We think it is about time. We believe that the rules
need an overhaul to allow victims the right to apply for
restraining orders and to lower the initial threshold for
intervention.
Why the rules exist
The prompt for the original Vexatious Actions Act 1896 (UK) was
Mr Alexander Chaffers, a former attorney and solicitor who
initiated years of litigation in numerous courts, much of which was
mortifying to his defendants and most of which he carried on
without any financial means to do so.
He lost 47 of the 48 cases that he began and was described by
one academic as a "remarkable pest",1 fully
deserving of his claim to infamy.
There are various practical deterrents to litigation, the most
obvious being the cost involved, the time and effort required and
the risk that costs will be awarded against you. And access to the
courts is a basic right of citizenship so rules which restrict that
access are not imposed lightly.
But there is also a need to prevent the determined vexatious
litigant (such as the celebrated Mr Chaffers) from tying up the
justice system's limited resources and causing unnecessary cost
and pain to their victims.
How does New Zealand compare with other jurisdictions?
The test in New Zealand is high and can be satisfied only after
the litigant has commenced multiple proceedings.
The courts cannot reject a new proceeding on the grounds that
its promoter is vexatious, although the Attorney-General can apply
for an order that would prevent a litigant from commencing civil
proceedings without leave.
An application by the Attorney-General is a last resort. To
obtain such an order, the court must be satisfied that the litigant
has persistently brought vexatious proceedings without reasonable
grounds.
The United Kingdom has a different approach. It has a graduated
system with three classes of orders to restrain vexatious
litigants.
The first class of order restrains a litigant from making any
further applications within an existing proceeding without
leave.
The second class of order prevents a litigant from issuing new
claims or making applications either in the existing proceeding or
in any new proceeding which concerns the same or similar
matter.
The third class of order is a general restriction which
prevents the litigant from commencing any proceeding about any
matter, unless the litigant obtains the leave of the court to do
so.
The final two types of order must be made for a specific time
period of no more than two years. All of the orders can be sought
by the parties involved, or initiated by the court itself.

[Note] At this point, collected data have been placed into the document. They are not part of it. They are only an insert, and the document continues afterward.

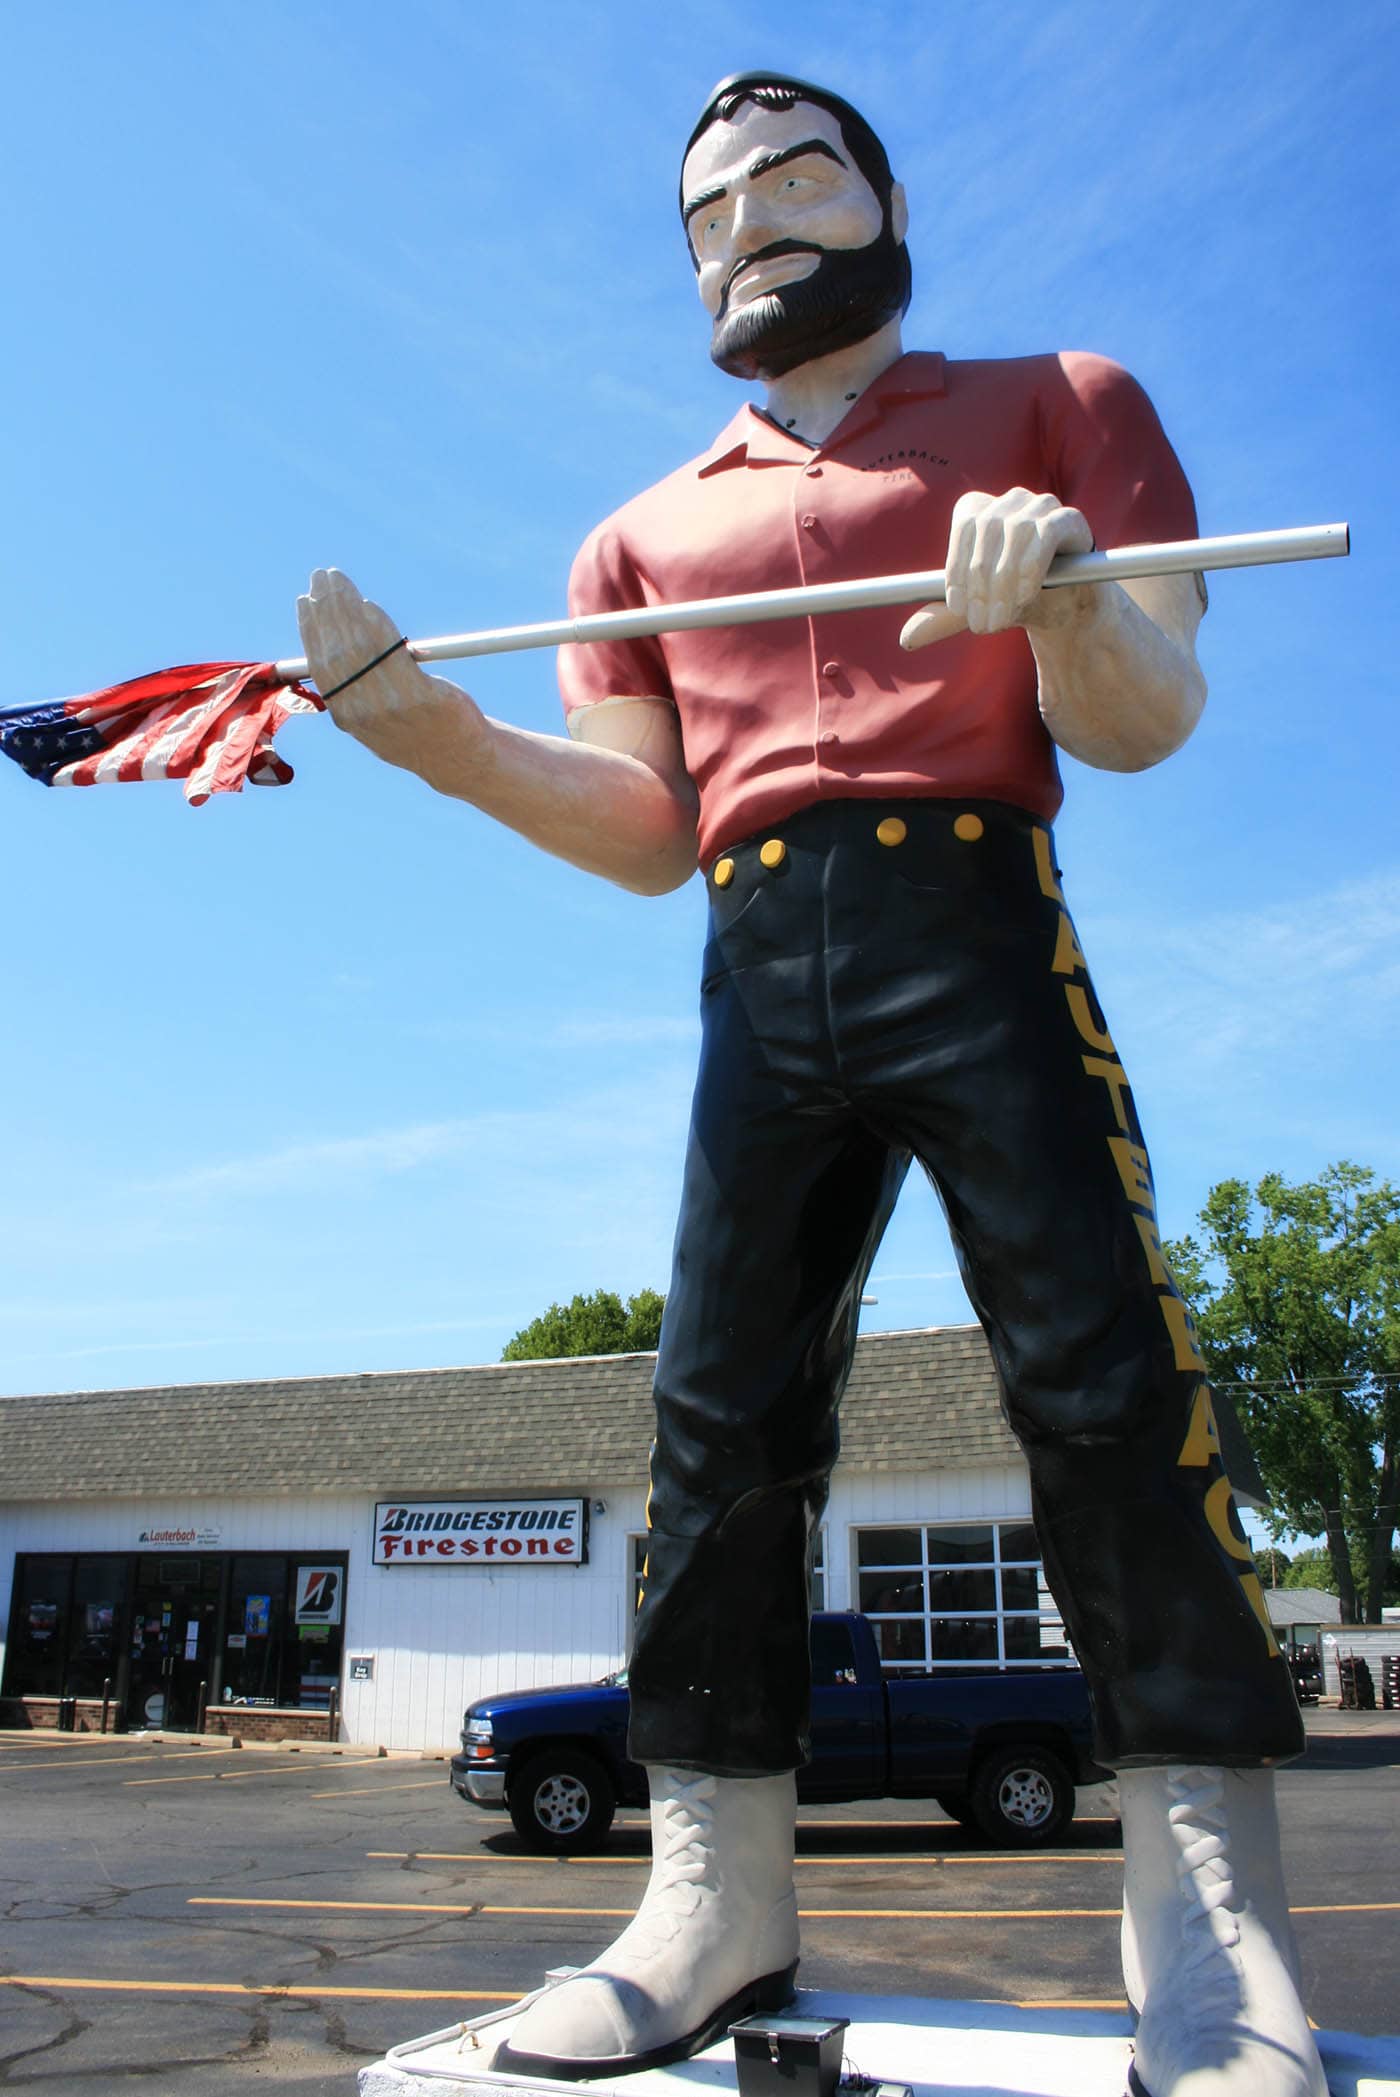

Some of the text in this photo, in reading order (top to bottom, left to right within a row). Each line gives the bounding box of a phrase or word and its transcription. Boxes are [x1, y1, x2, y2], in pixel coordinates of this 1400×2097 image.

[854, 448, 950, 478] UTERBACH
[380, 1508, 577, 1532] BRIDGESTONE
[150, 1527, 196, 1542] Lauterbach
[379, 1535, 575, 1559] Firestone
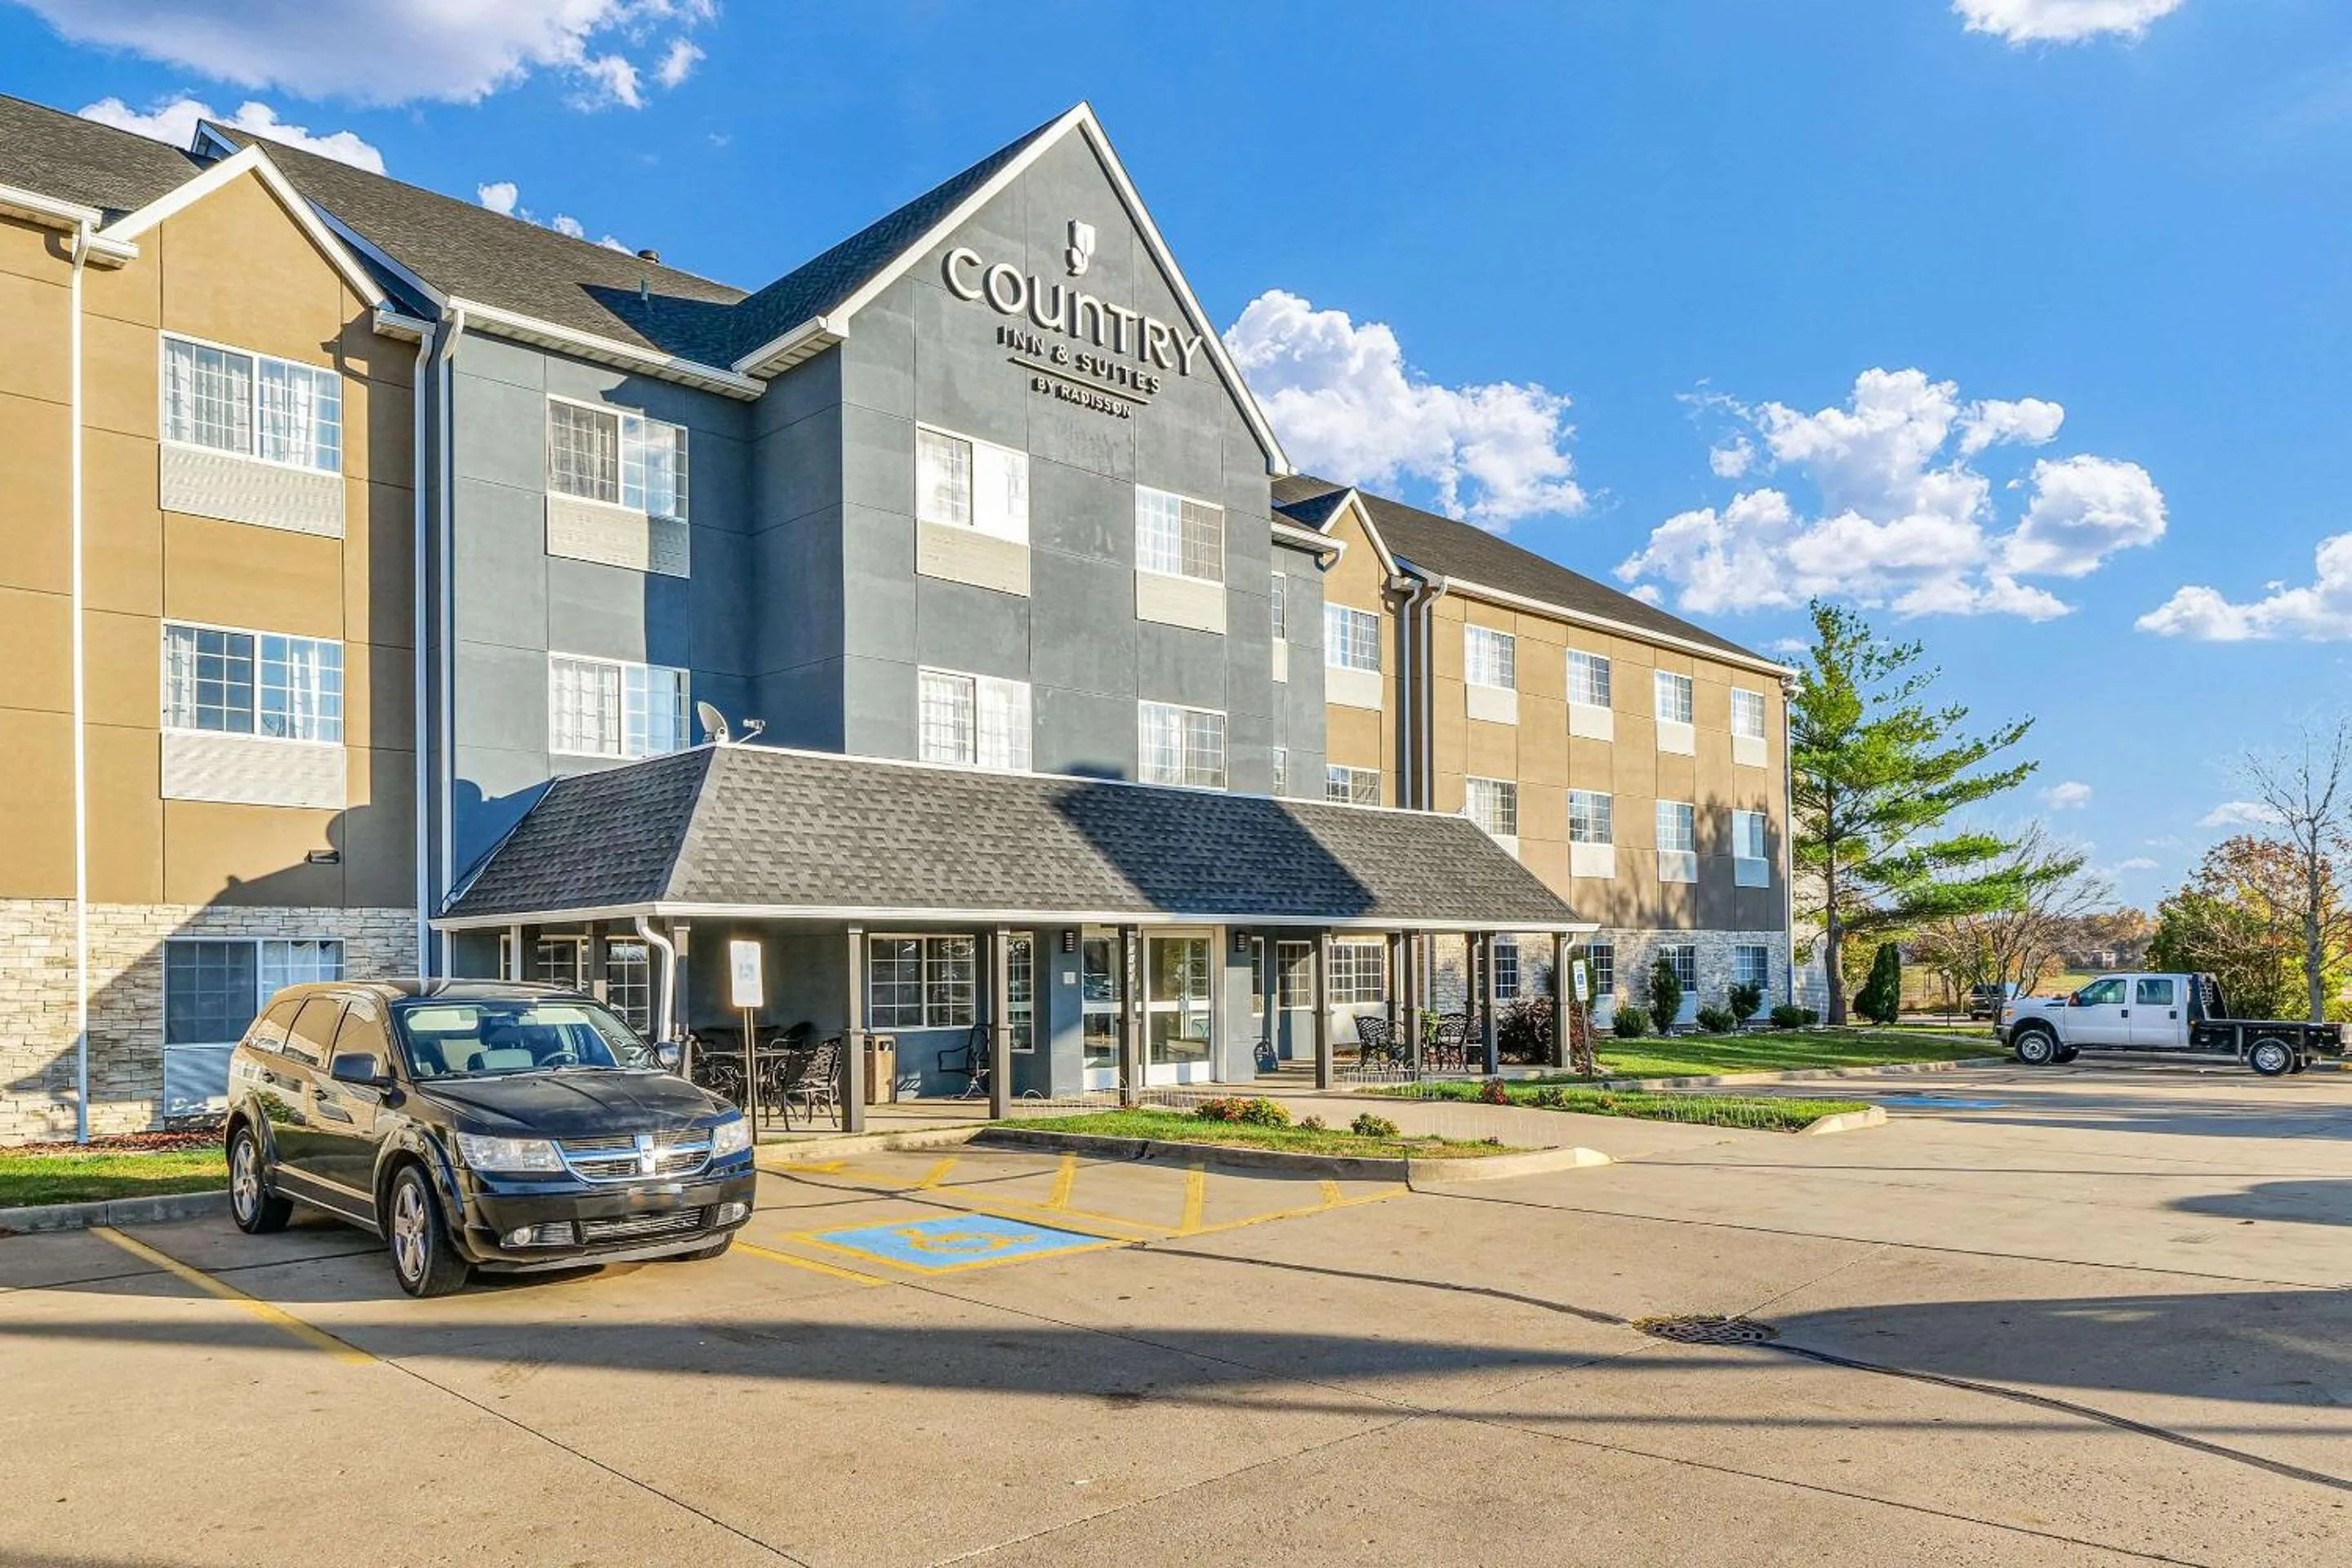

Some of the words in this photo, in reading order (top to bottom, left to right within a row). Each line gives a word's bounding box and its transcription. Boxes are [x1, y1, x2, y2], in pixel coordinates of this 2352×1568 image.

[997, 324, 1045, 355] INN
[1052, 344, 1070, 364] &
[1076, 352, 1161, 394] SUITES
[1032, 377, 1055, 394] BY
[1056, 385, 1132, 419] RADISSON

Queensland has a similar structure to the New Zealand system
except that there is a broader range of people besides the
Attorney-General who are eligible to apply for an order, including
the Crown Solicitor, the registrar of a court, a defendant or any
other person with sufficient interest.
Likely reforms
The Law Commission's preliminary view is that the current
system imposes too high a test and that there could be benefits in
adopting the United Kingdom's graduated approach.
However, the Commission is concerned that the power to restrict
a litigant from accessing the court system be limited to what is
truly necessary for the administration of justice. Accordingly,
while it supports extending the ability to apply for orders beyond
the Attorney-General, it is proposing that those other parties
should have to apply for leave before making such an application.
The leave requirement is intended as a safeguard against tactical
applications.
Similarly, the Commission opposes extension of the orders to
criminal proceedings and thinks it important that the orders are
limited in duration and open to appeal by the litigant.
Chapman Tripp comment
We support a move to the UK model, as does the Bar Association
which put forward an eminently sensible and comprehensive
submission, noting that such an approach would allow the courts to
constrain litigants from vexing individual as well as multiple
proceedings.
However, we think that the Commission could be bolder about the
rules governing who is able to apply for orders.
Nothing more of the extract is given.